Oxbryta was developed as a treatment for anemia in patients with Sickle Cell Disease (SCD). The drug was intended to improve hemoglobin levels and reduce the effects of sickle-shaped red blood cells. However, in September 2024, Oxbryta was recalled from both U.S. and international markets following alarming findings from post-clinical trials.
During these trials, Oxbryta was linked to several serious health risks, including increased risk of vaso-occlusive crises (VOC), organ damage, and death.
If you took Oxbryta (Voxelotor) and experienced severe complications, you may qualify to file an Oxbryta lawsuit against the manufacturer Pfizer Inc. At Rueb Stoller Daniel, we’re here to fight for the justice you deserve. Contact us today for a free case review.
What Is Oxbryta?
Oxbryta, also called by the generic name Voxelotor, is a prescription medication designed to treat sickle cell disease. The drug was developed by Global Blood Therapeutics and approved by the FDA in 2019.

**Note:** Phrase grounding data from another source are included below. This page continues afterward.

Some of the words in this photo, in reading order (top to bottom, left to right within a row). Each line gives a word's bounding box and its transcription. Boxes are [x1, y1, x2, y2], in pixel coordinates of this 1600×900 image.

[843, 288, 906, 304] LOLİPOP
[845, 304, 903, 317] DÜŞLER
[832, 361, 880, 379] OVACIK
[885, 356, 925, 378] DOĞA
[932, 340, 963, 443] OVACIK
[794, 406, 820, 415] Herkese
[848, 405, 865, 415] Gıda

Pfizer purchased Global Blood Therapeutics in 2022. Adverse events and fatal outcomes prompted Pfizer to issue a voluntary Oxbryta recall on September 25, 2024.
Sickle Cell Disease
Sickle cell disease (SCD) is a hereditary blood disorder that causes blood cells to develop a sickle or crescent shape. These sickle cells become hard and sticky and can block blood flow.
Sickle cell disease (SCD) can lead to serious complications, including:
- Infection
- Acute Chest Syndrome: This is a life-threatening emergency where sick cells block blood flow to the lungs.

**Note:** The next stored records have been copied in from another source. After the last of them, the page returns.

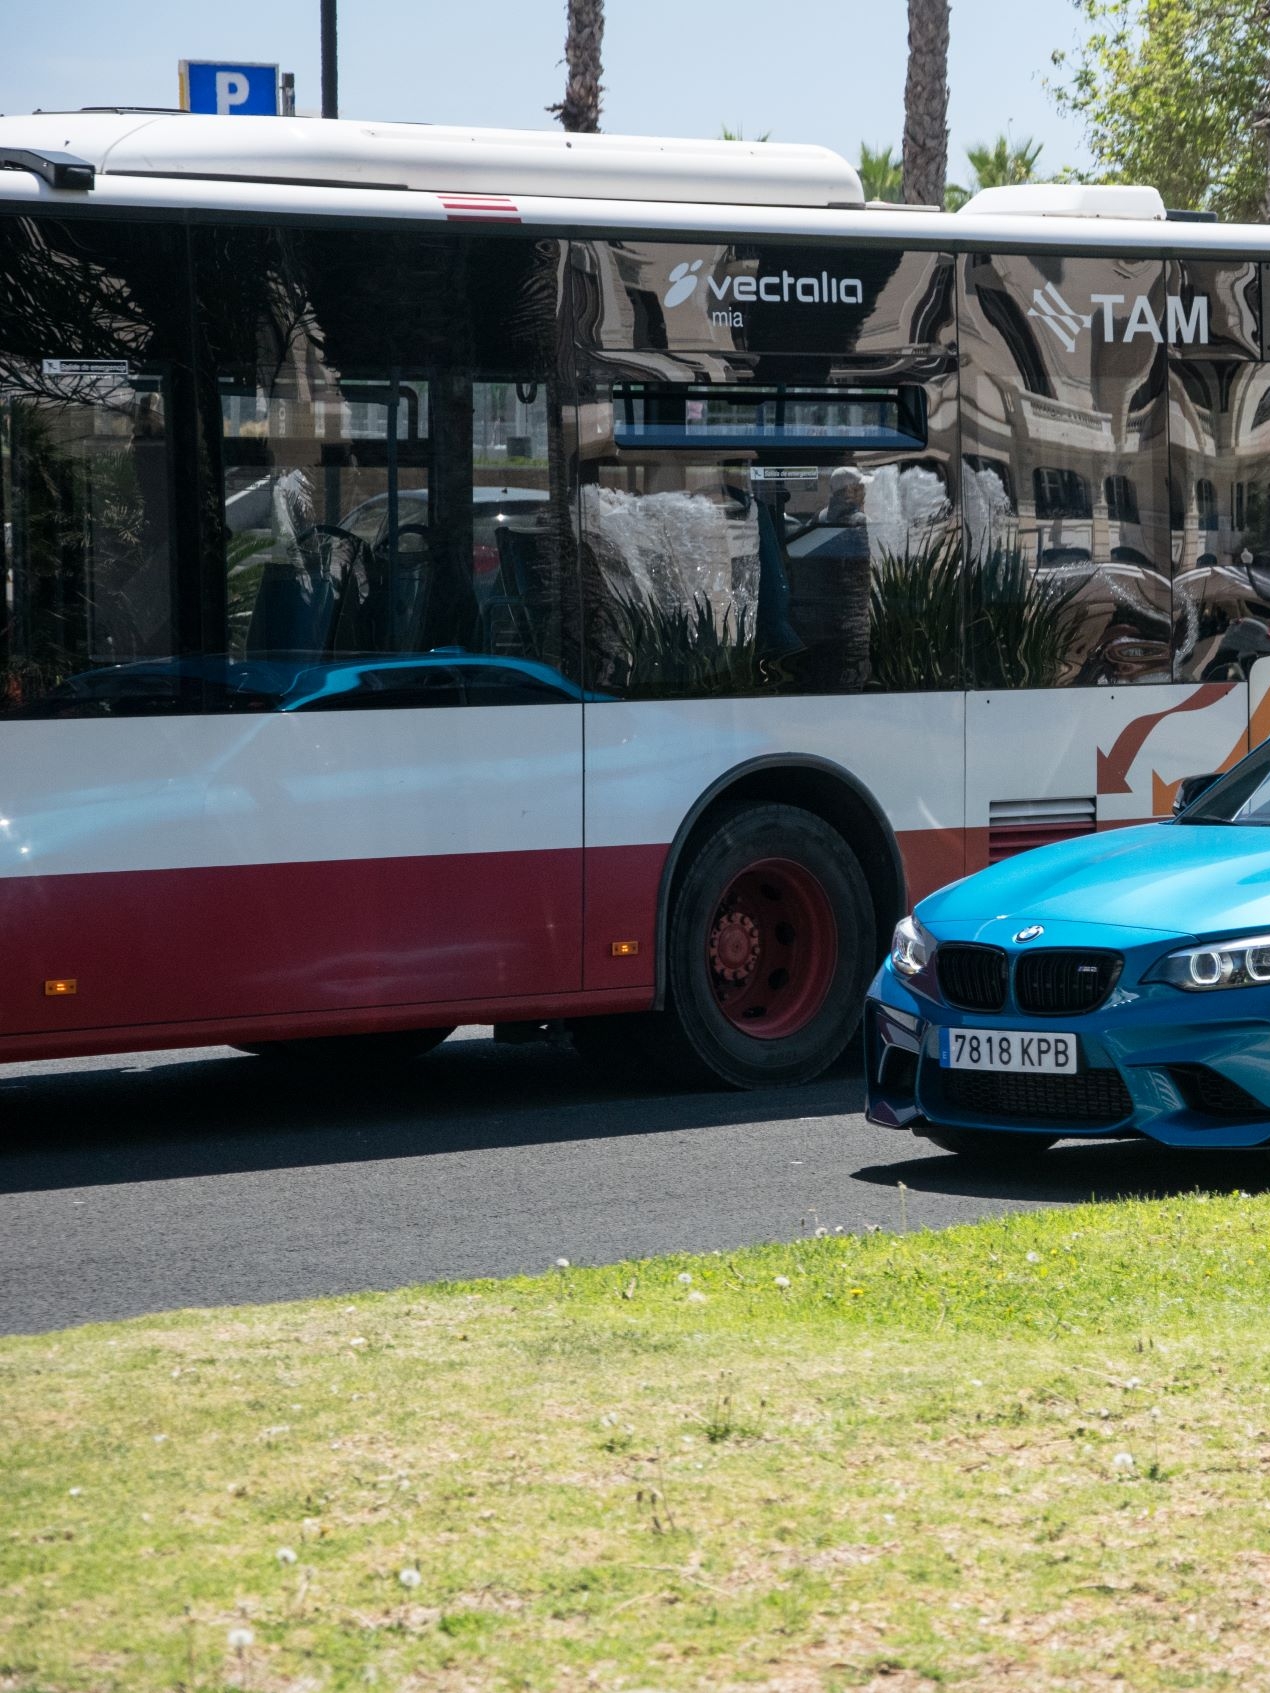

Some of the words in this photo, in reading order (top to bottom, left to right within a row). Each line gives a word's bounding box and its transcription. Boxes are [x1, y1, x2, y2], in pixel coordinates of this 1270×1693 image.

[216, 71, 250, 115] P
[706, 269, 863, 304] vectalia
[711, 306, 744, 328] mia
[1090, 293, 1209, 344] TAM
[954, 1034, 1012, 1066] 7818
[1020, 1037, 1070, 1068] KPB

- Stroke: Sickle cell patients have an increased risk of blood clots and stroke.
- Organ failure
- Vaso-occlusive crises (VOCs): These painful episodes happen when sickle-shaped cells block blood flow in small blood vessels.
- Hemolytic anemia: This happens when the body lacks sufficient healthy red blood cells or hemoglobin to carry oxygen. It can cause fatigue, weakness, and shortness of breath.
Traditionally, sickle cell disease treatment has focused on managing symptoms through blood transfusions and pain medications. Oxbryta was developed by Global Blood Therapeutics (GBT) to treat the underlying cause: abnormal hemoglobin.
Hemoglobin is the protein in red blood cells responsible for transporting oxygen throughout the body. In patients with sickle cell, defective hemoglobin causes red blood cells to become misshaped.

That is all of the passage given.